Images excluded, return every record exactly as it reads.

------ Supplied entries ------

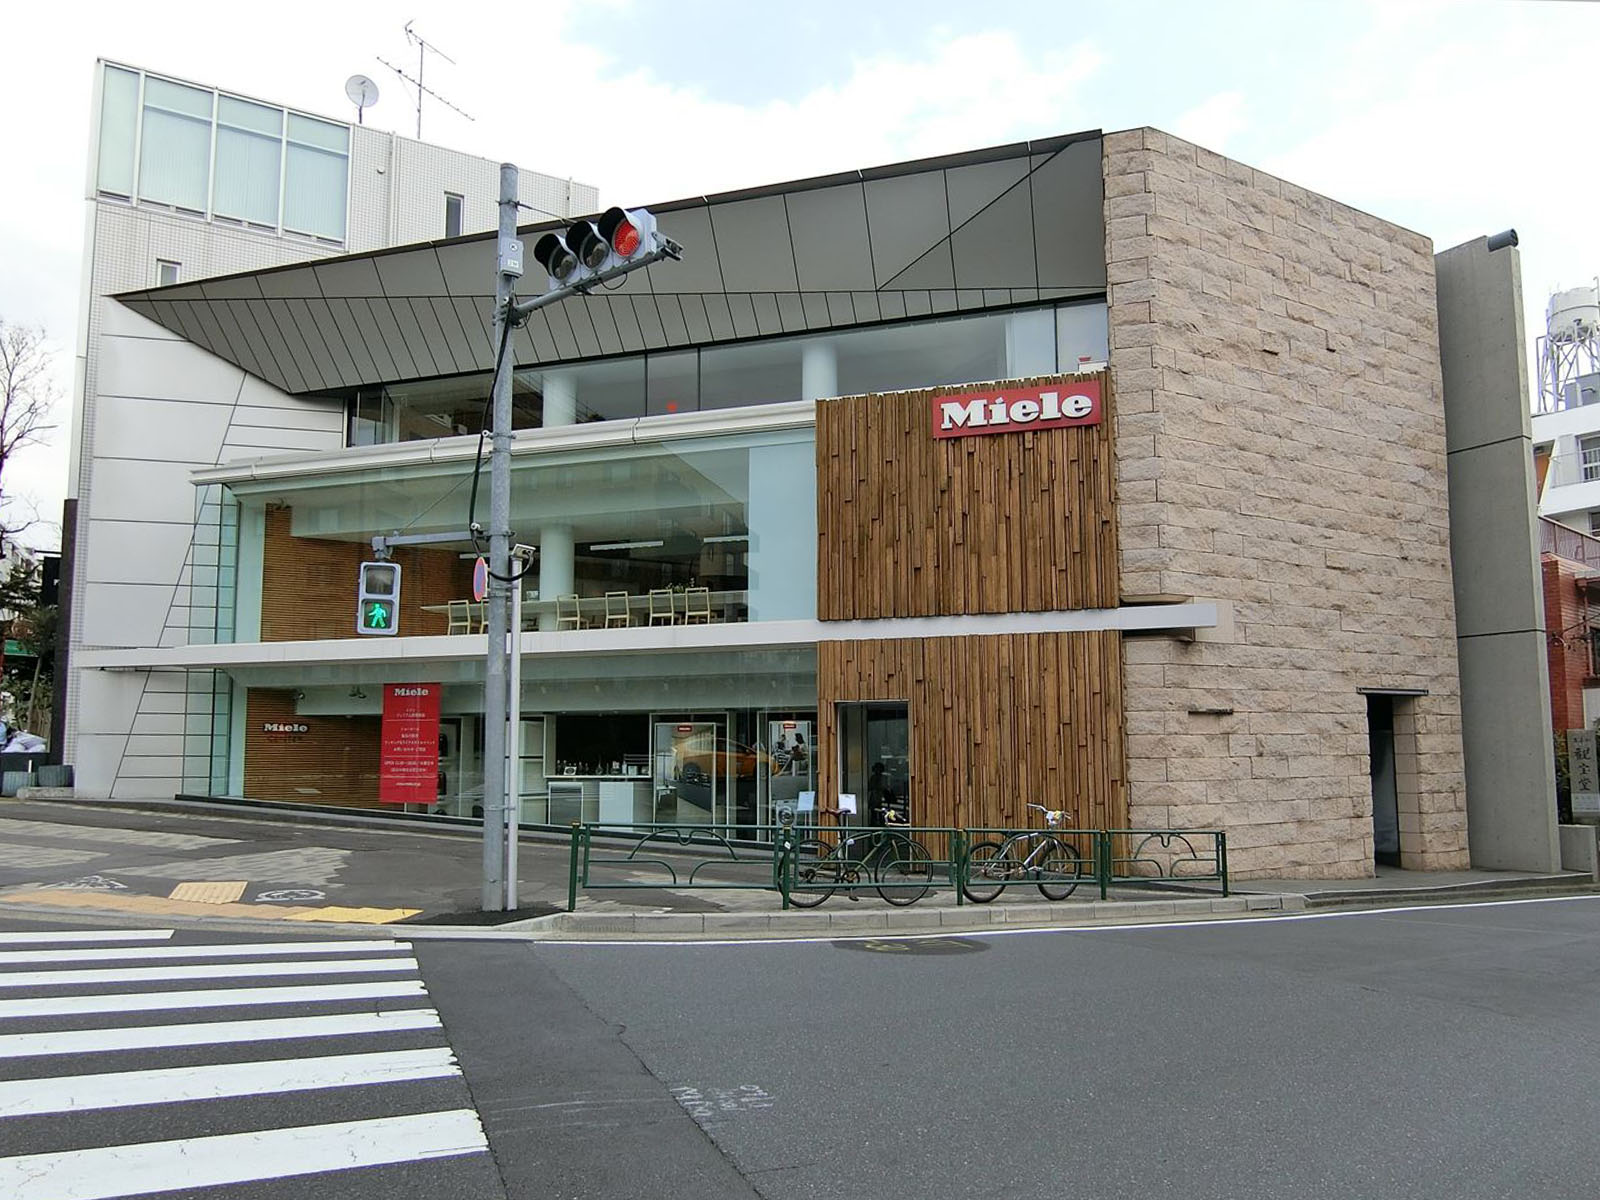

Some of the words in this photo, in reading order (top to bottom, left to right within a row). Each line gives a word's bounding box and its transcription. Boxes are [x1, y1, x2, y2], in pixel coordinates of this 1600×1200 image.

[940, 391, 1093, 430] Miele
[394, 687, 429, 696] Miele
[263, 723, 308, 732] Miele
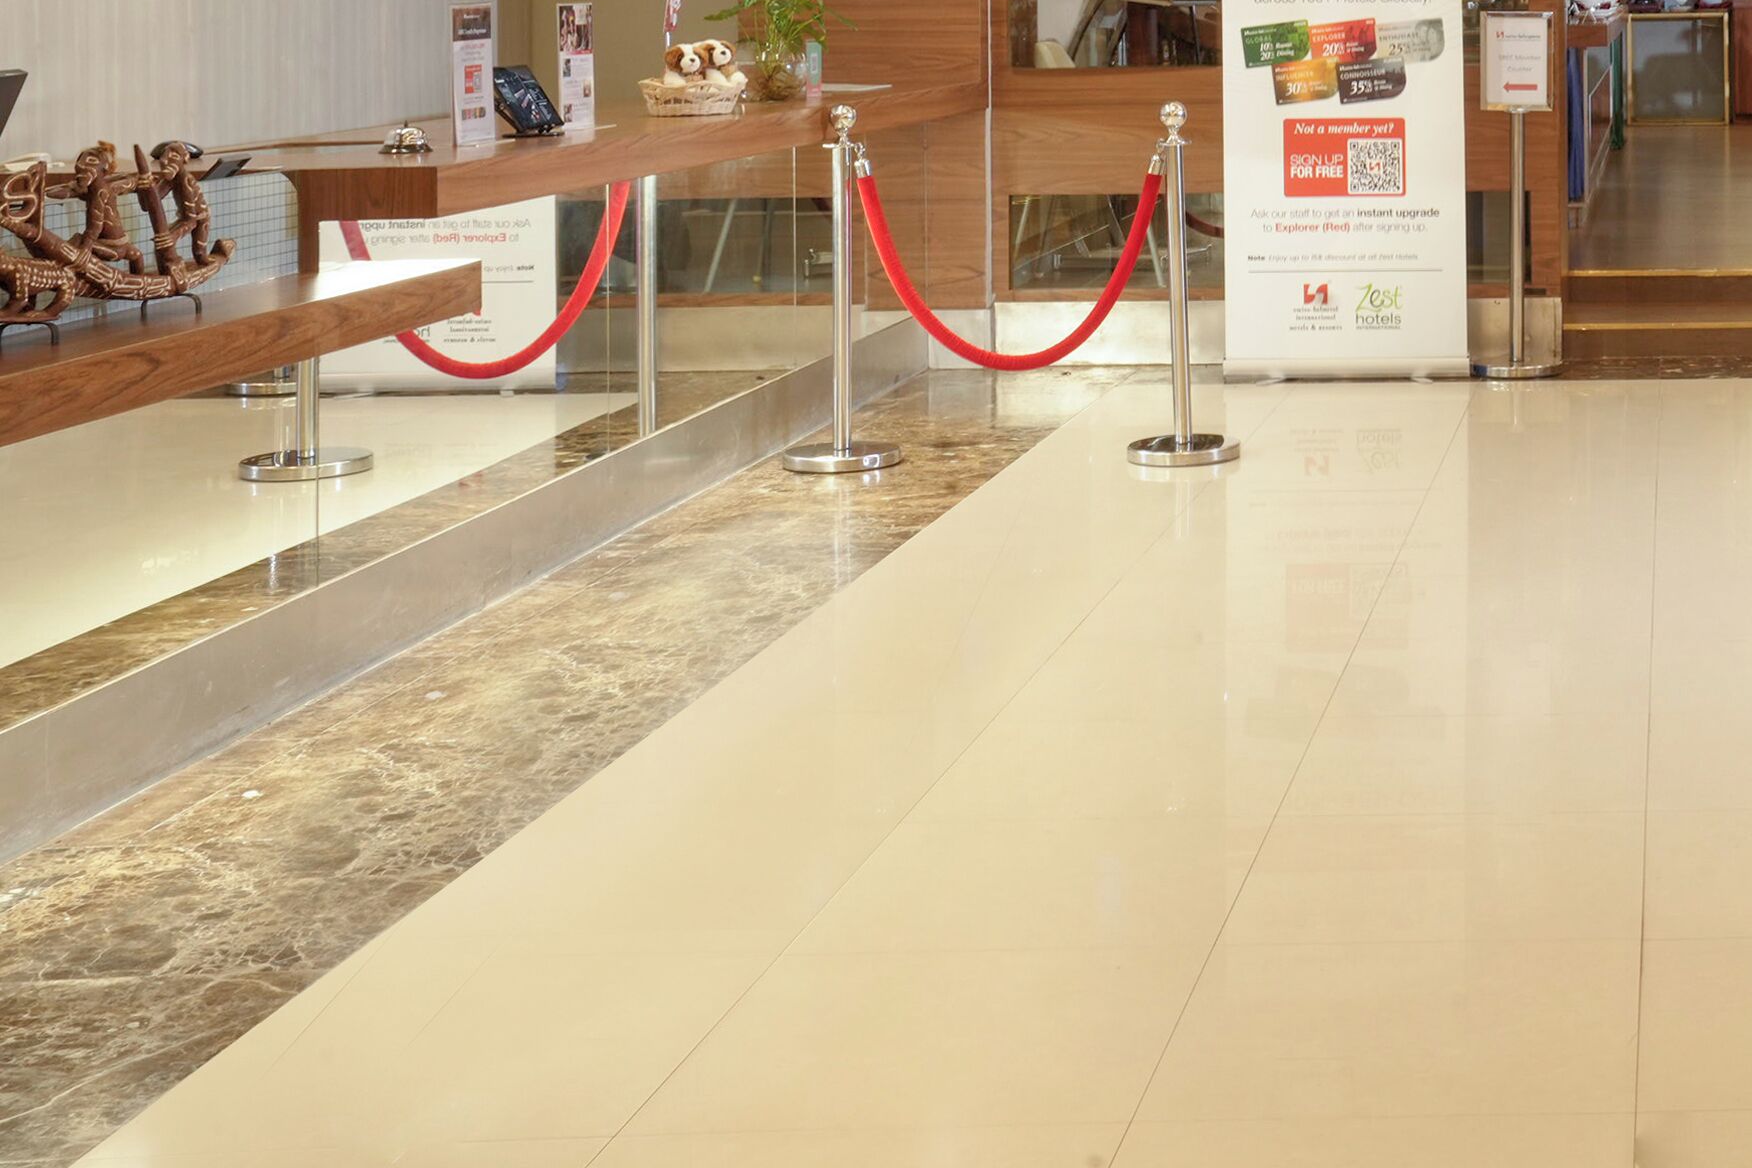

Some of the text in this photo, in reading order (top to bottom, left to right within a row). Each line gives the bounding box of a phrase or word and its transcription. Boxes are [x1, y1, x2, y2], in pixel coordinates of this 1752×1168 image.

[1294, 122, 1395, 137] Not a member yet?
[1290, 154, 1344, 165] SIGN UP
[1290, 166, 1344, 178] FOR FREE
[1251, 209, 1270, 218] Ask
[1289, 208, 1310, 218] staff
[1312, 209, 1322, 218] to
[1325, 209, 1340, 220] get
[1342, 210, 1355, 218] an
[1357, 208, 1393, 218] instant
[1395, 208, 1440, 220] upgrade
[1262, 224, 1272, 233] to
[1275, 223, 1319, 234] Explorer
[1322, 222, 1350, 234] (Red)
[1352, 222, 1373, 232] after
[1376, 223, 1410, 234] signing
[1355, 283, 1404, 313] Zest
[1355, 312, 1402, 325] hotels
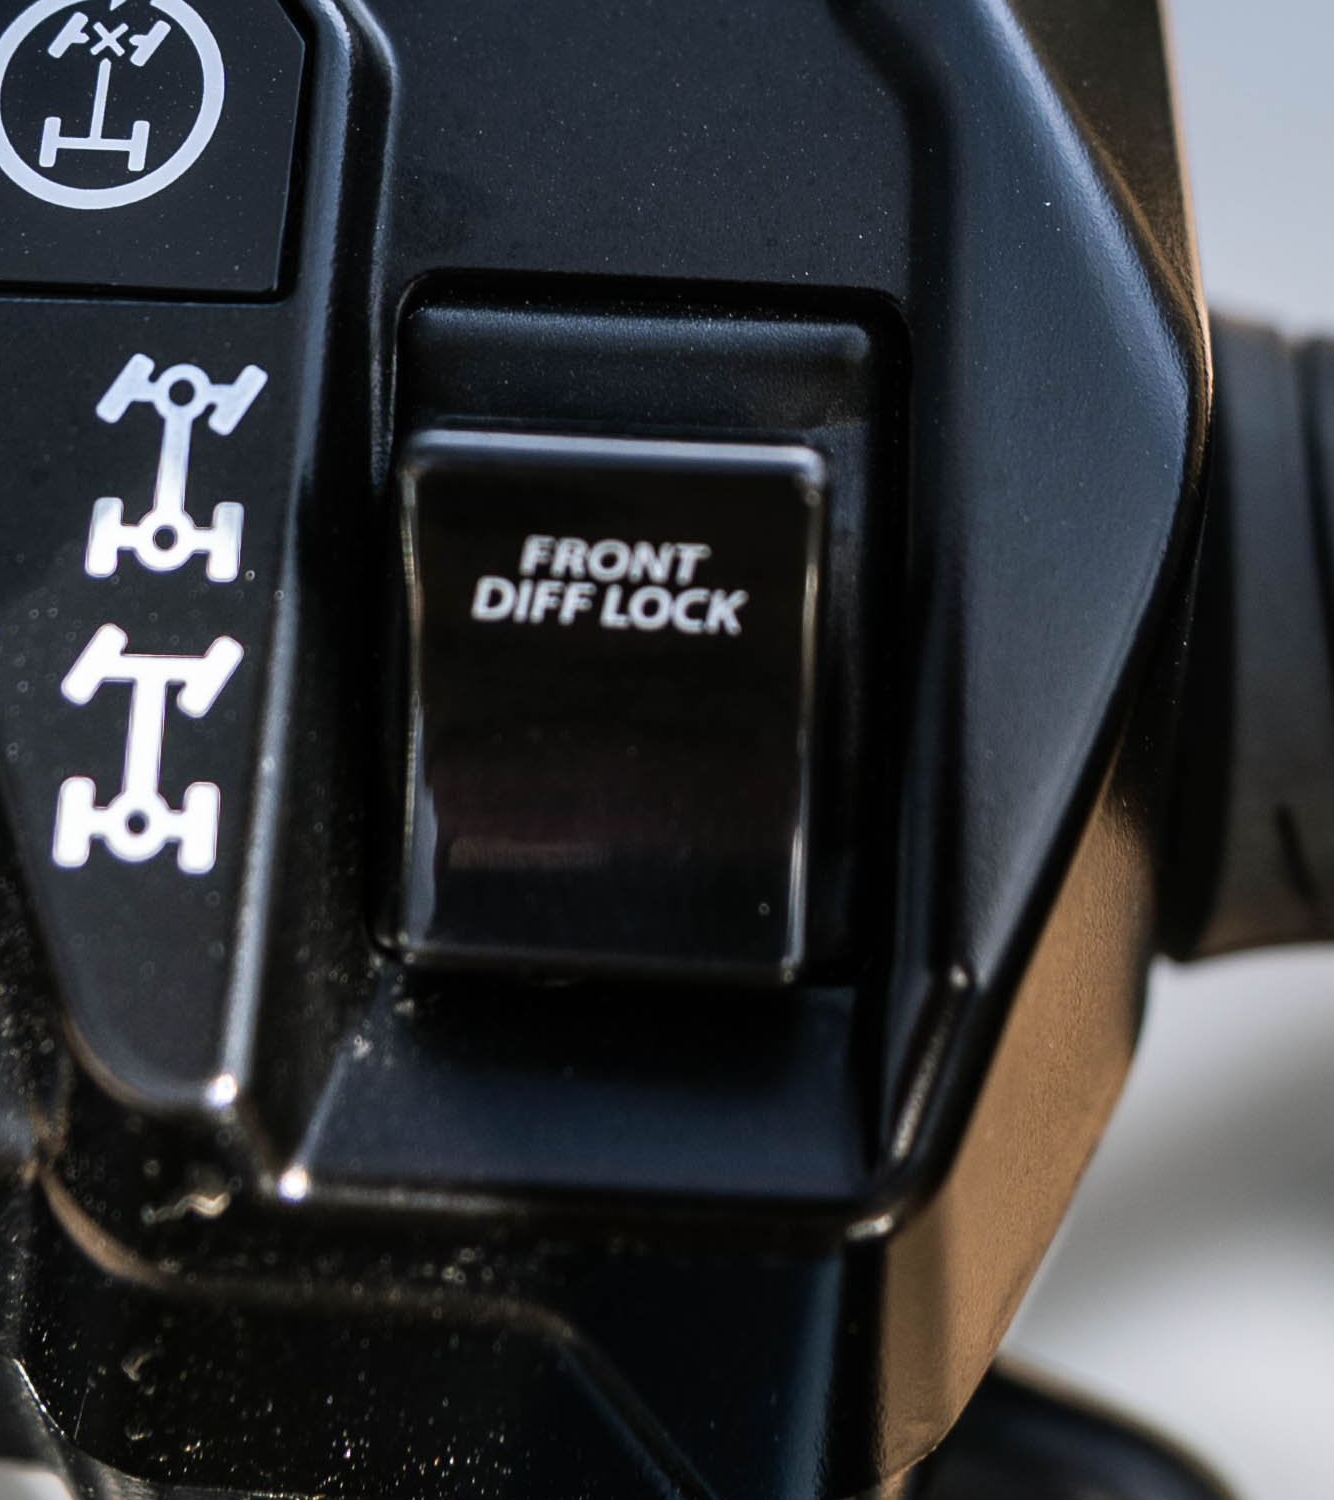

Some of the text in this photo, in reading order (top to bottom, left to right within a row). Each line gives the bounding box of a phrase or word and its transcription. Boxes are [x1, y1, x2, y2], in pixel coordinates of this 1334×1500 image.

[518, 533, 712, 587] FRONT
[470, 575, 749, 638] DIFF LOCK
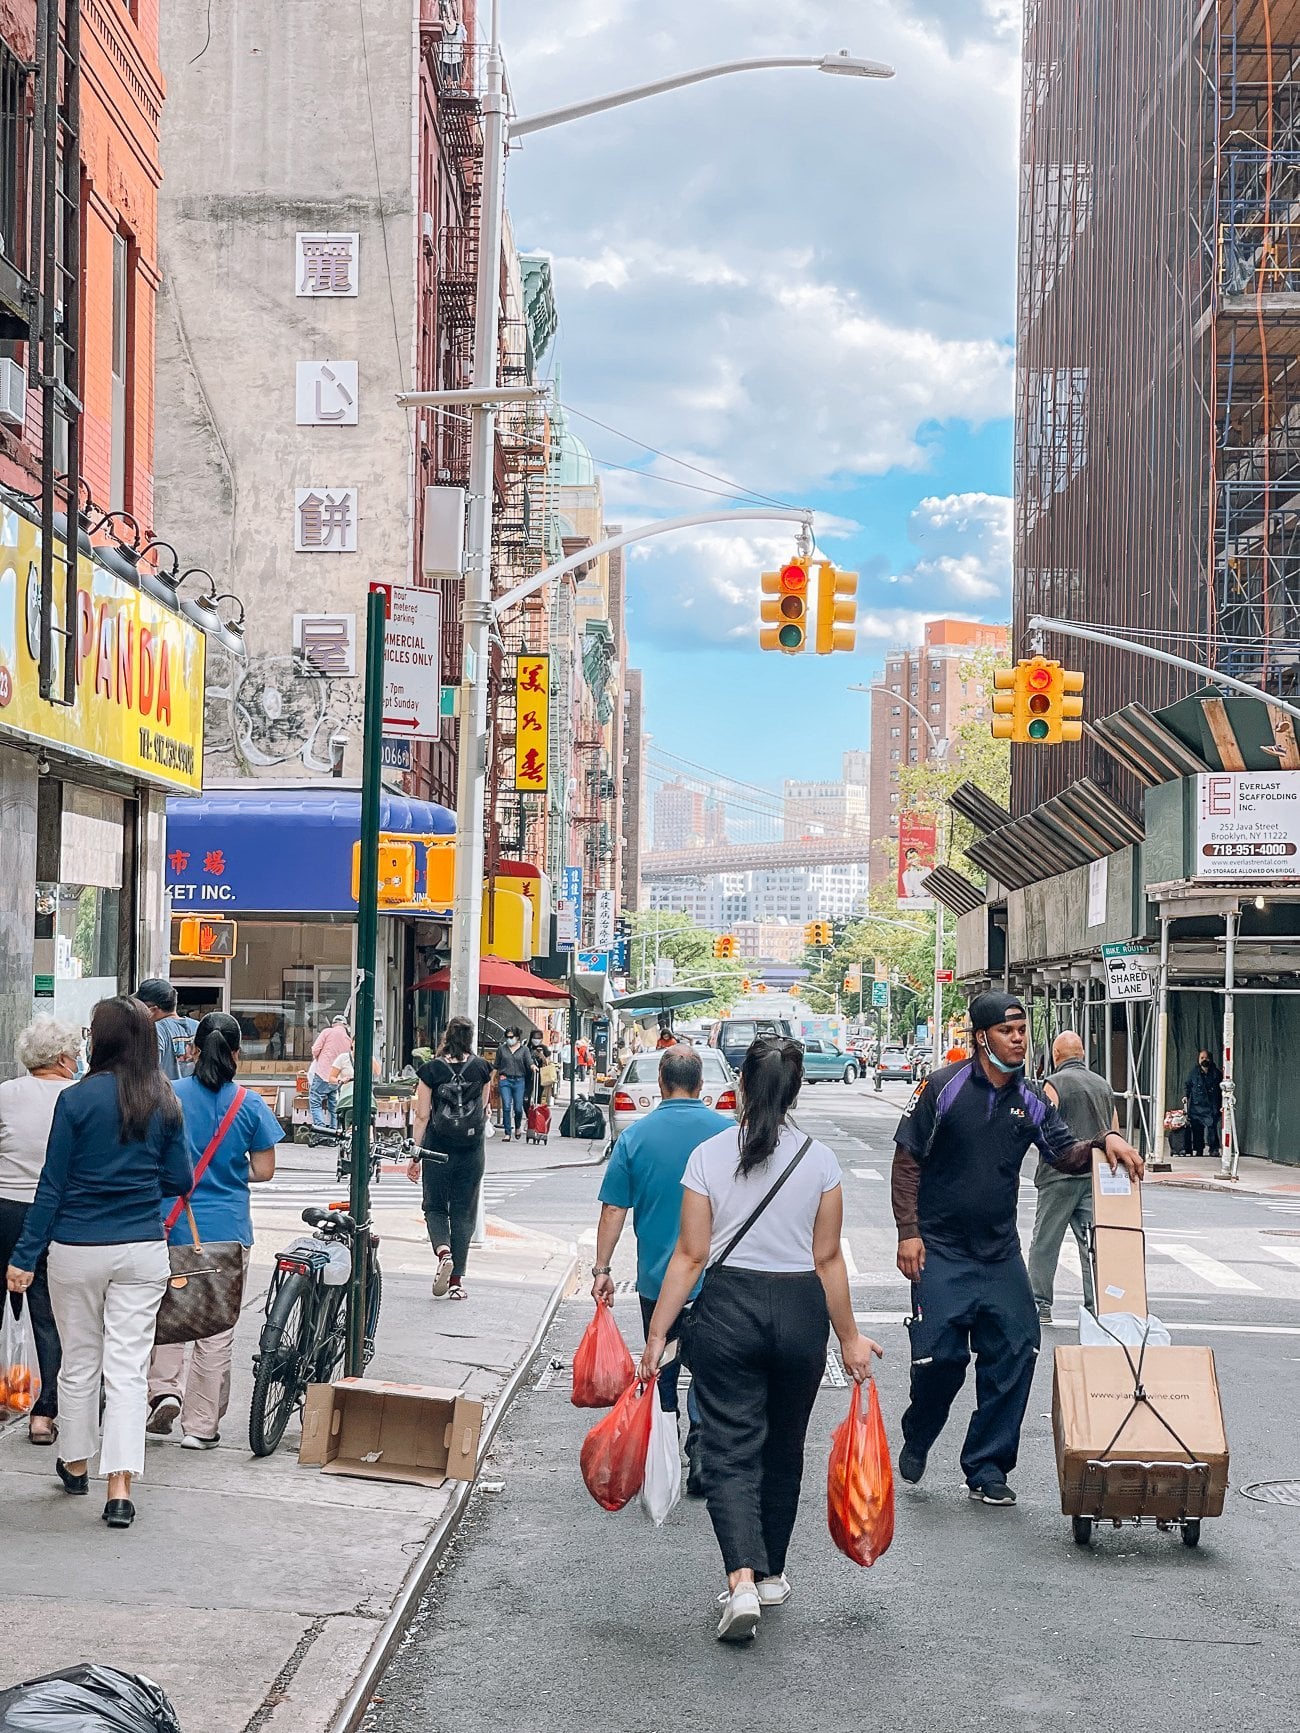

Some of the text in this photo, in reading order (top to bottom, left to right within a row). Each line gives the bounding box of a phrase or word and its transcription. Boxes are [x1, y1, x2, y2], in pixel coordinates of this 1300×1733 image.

------

## Answer space
Some of the words in this photo, in reading order (top to bottom, left to right within a row). Each line gives a word's bounding box and its transcription. Boxes are [x1, y1, x2, y2], in pixel coordinates of this 1600×1200 image.

[940, 391, 1093, 430] Miele
[394, 687, 429, 696] Miele
[263, 723, 308, 732] Miele

Some of the text in this photo, in reading order (top to bottom, left to right within a row). Each line gives the bounding box of a phrase or word and its transcription. Boxes are [x1, y1, x2, y2], in pixel coordinates of this 1752×1168 image.

[1294, 122, 1395, 137] Not a member yet?
[1290, 154, 1344, 165] SIGN UP
[1290, 166, 1344, 178] FOR FREE
[1251, 209, 1270, 218] Ask
[1289, 208, 1310, 218] staff
[1312, 209, 1322, 218] to
[1325, 209, 1340, 220] get
[1342, 210, 1355, 218] an
[1357, 208, 1393, 218] instant
[1395, 208, 1440, 220] upgrade
[1262, 224, 1272, 233] to
[1275, 223, 1319, 234] Explorer
[1322, 222, 1350, 234] (Red)
[1352, 222, 1373, 232] after
[1376, 223, 1410, 234] signing
[1355, 283, 1404, 313] Zest
[1355, 312, 1402, 325] hotels

Some of the text in this photo, in reading order (top to bottom, left to right within a row). Each line gives the bounding box of a phrase or word and its transcription. Boxes are [x1, y1, x2, y2], in pixel coordinates of this 1334×1500 image.

[518, 533, 712, 587] FRONT
[470, 575, 749, 638] DIFF LOCK

Some of the text in this photo, in reading order (top to bottom, left to right within a row). Each line gives the bounding box of a phrase or word and its transcription. Boxes are [x1, y1, x2, y2], in pixel coordinates of this 1300×1733 image.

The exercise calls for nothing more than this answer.